■ TASK GOAL ■
Drop all images and give the records again exactly.

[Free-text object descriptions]

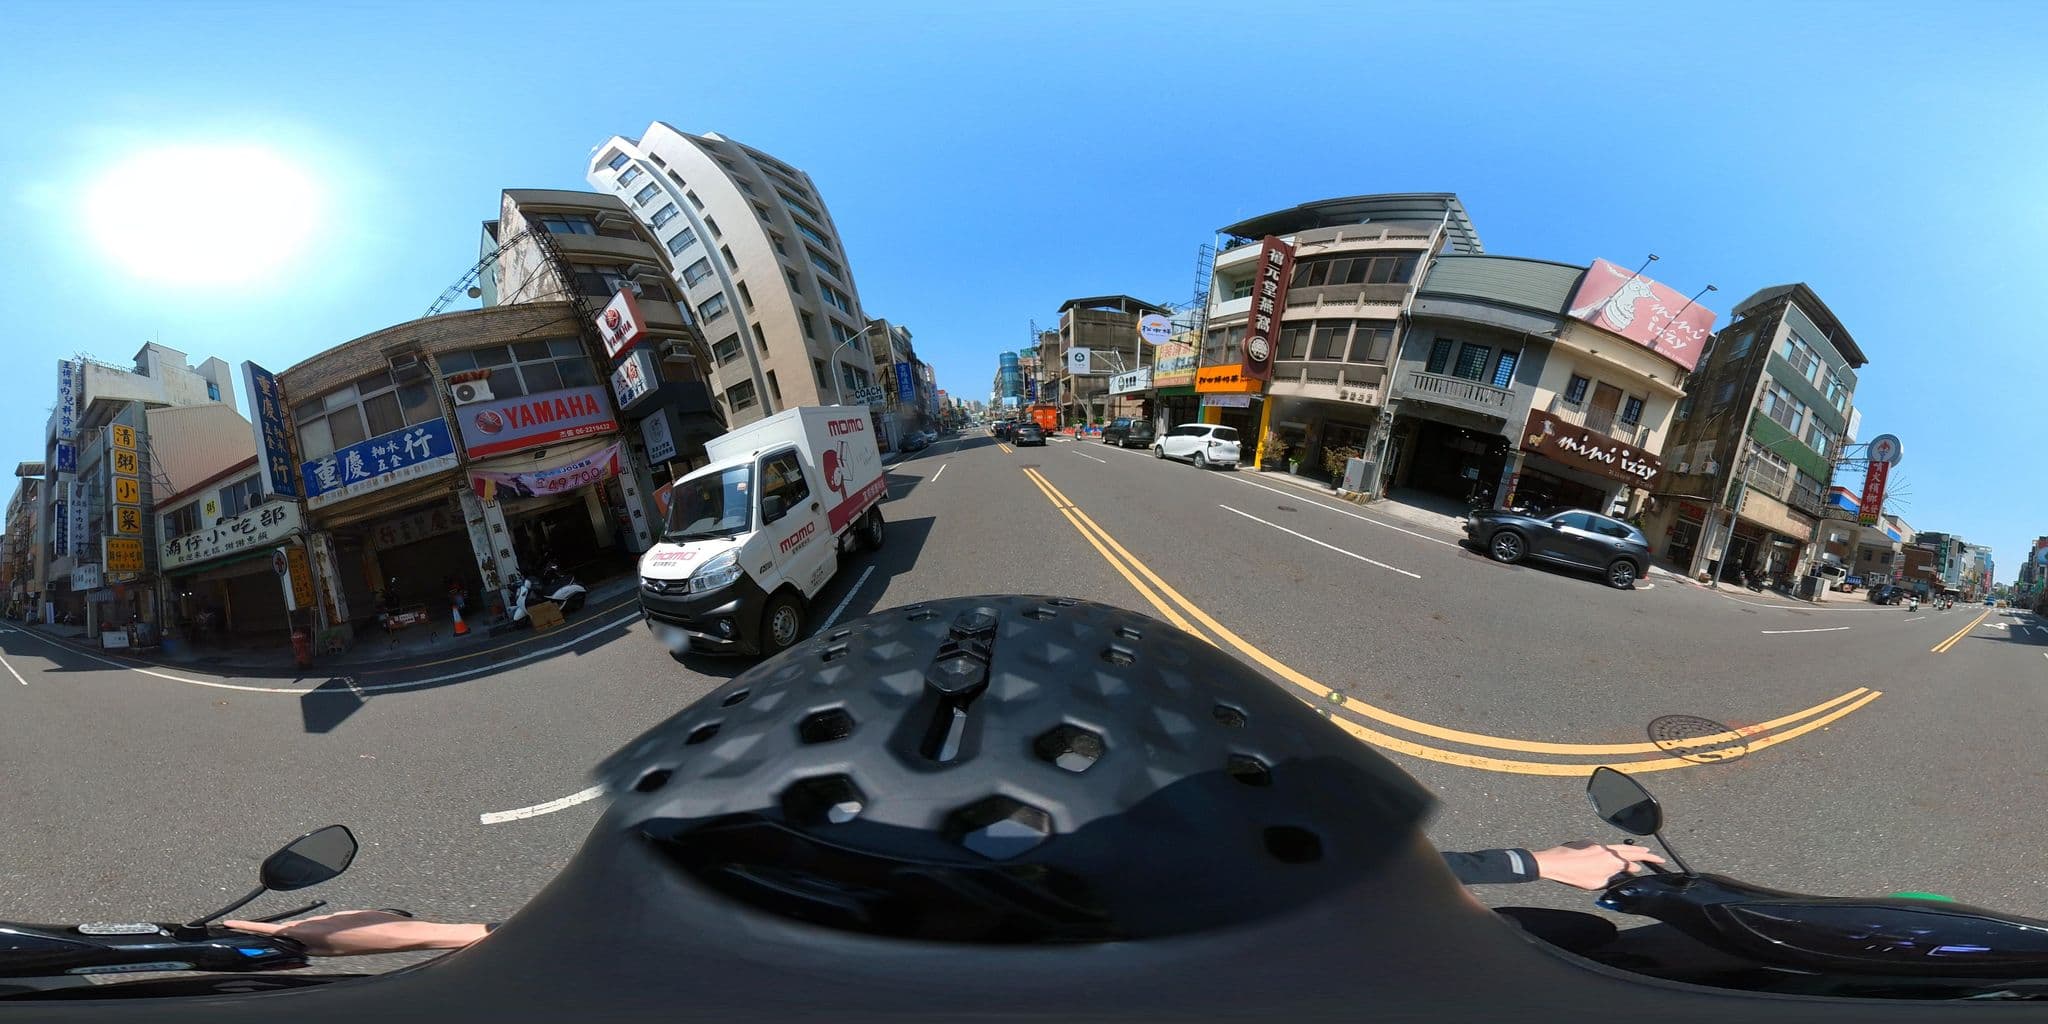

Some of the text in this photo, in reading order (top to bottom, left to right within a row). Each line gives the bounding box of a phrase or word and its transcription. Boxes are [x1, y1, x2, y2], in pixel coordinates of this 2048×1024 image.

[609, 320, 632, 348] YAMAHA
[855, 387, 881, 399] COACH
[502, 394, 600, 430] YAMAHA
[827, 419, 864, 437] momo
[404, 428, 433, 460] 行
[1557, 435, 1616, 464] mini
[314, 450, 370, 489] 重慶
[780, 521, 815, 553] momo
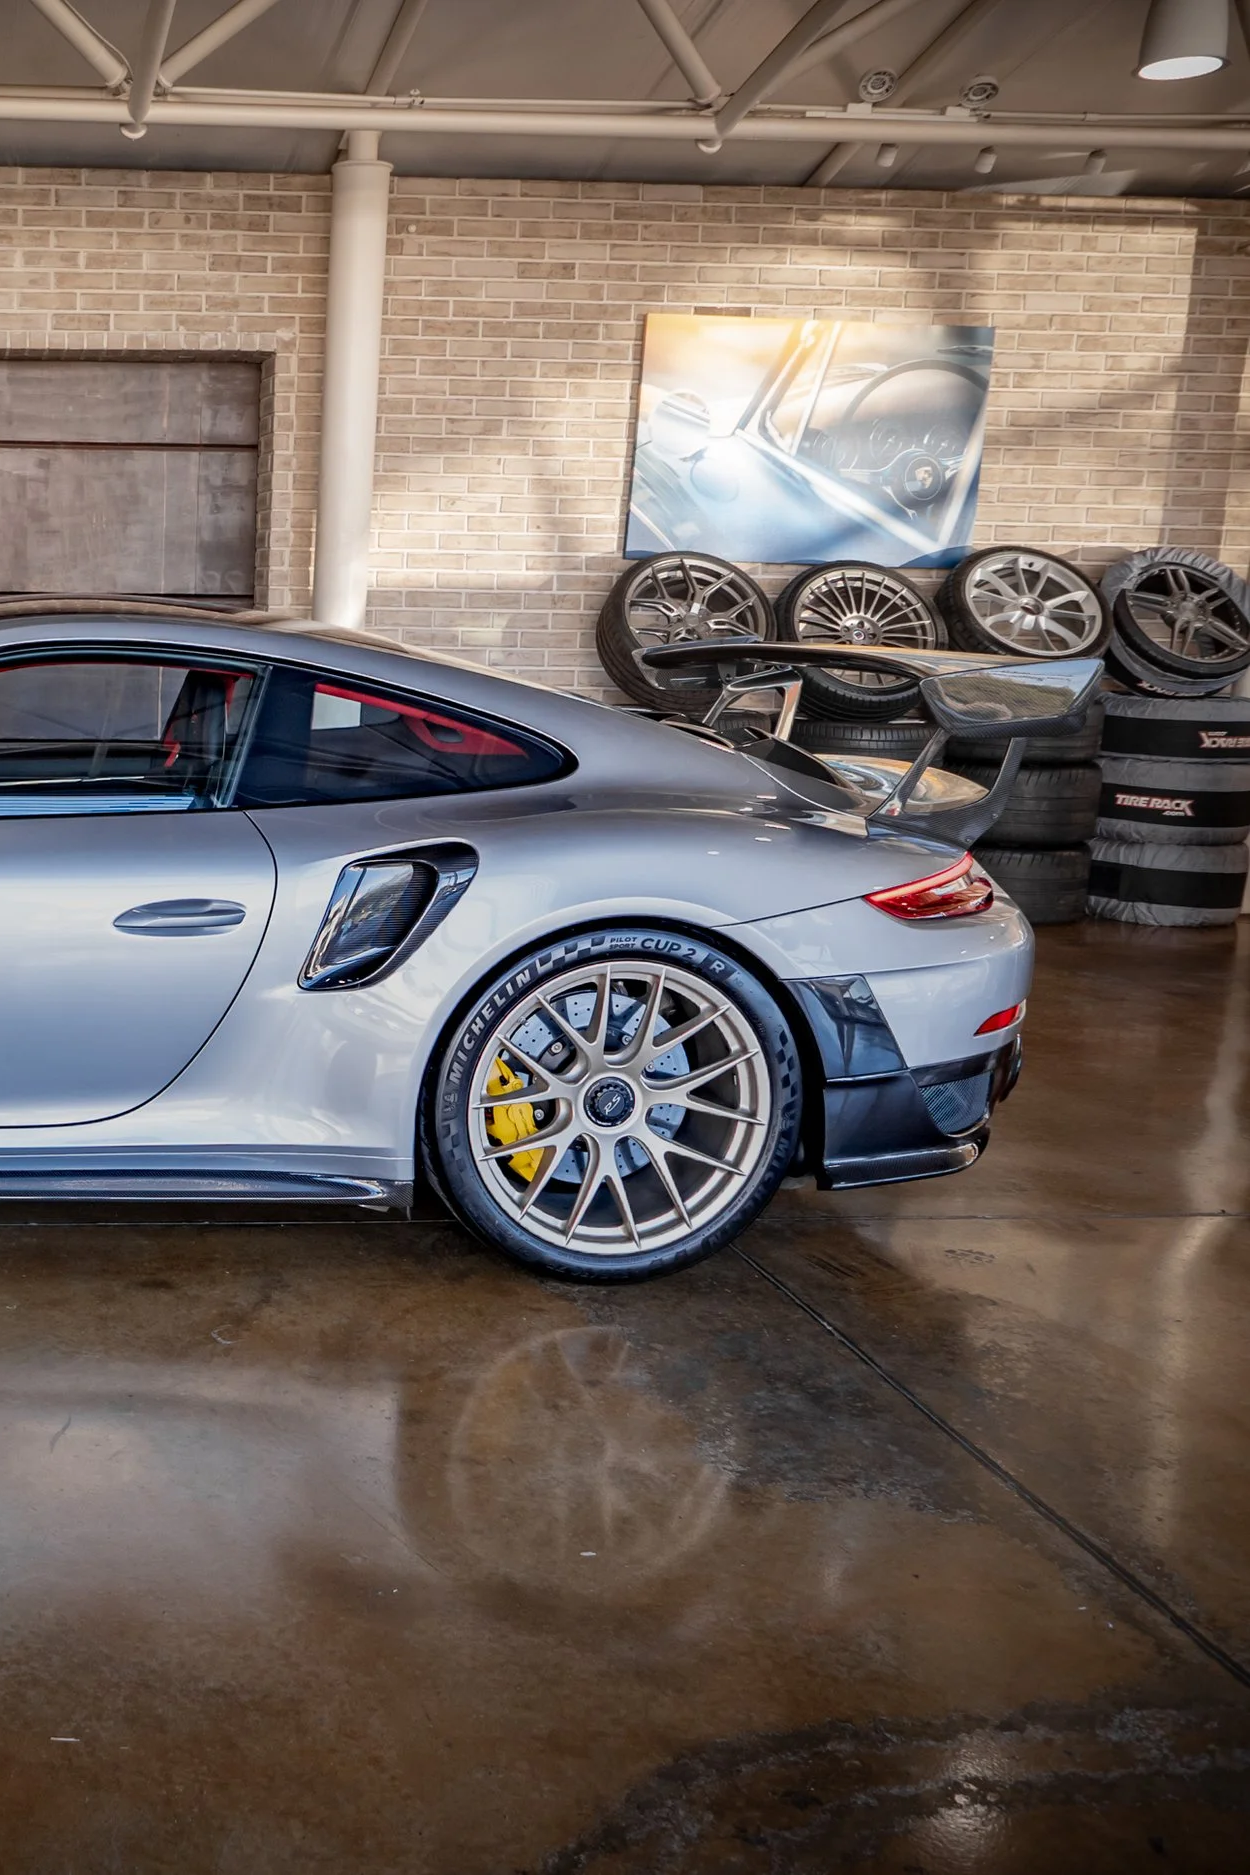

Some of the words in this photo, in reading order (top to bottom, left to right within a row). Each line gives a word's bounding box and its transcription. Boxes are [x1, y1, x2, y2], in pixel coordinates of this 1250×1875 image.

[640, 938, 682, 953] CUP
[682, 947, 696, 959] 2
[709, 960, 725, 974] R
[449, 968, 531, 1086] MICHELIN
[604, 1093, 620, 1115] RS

■ ANSWER TO THE EXERCISE ■
Some of the text in this photo, in reading order (top to bottom, left to right within a row). Each line gives the bounding box of a phrase or word and its transcription. Boxes are [x1, y1, x2, y2], in pixel coordinates of this 2048×1024 image.

[609, 320, 632, 348] YAMAHA
[855, 387, 881, 399] COACH
[502, 394, 600, 430] YAMAHA
[827, 419, 864, 437] momo
[404, 428, 433, 460] 行
[1557, 435, 1616, 464] mini
[314, 450, 370, 489] 重慶
[780, 521, 815, 553] momo

Some of the words in this photo, in reading order (top to bottom, left to right within a row). Each line gives a word's bounding box and its transcription. Boxes are [x1, y1, x2, y2], in pixel coordinates of this 1250×1875 image.

[640, 938, 682, 953] CUP
[682, 947, 696, 959] 2
[709, 960, 725, 974] R
[449, 968, 531, 1086] MICHELIN
[604, 1093, 620, 1115] RS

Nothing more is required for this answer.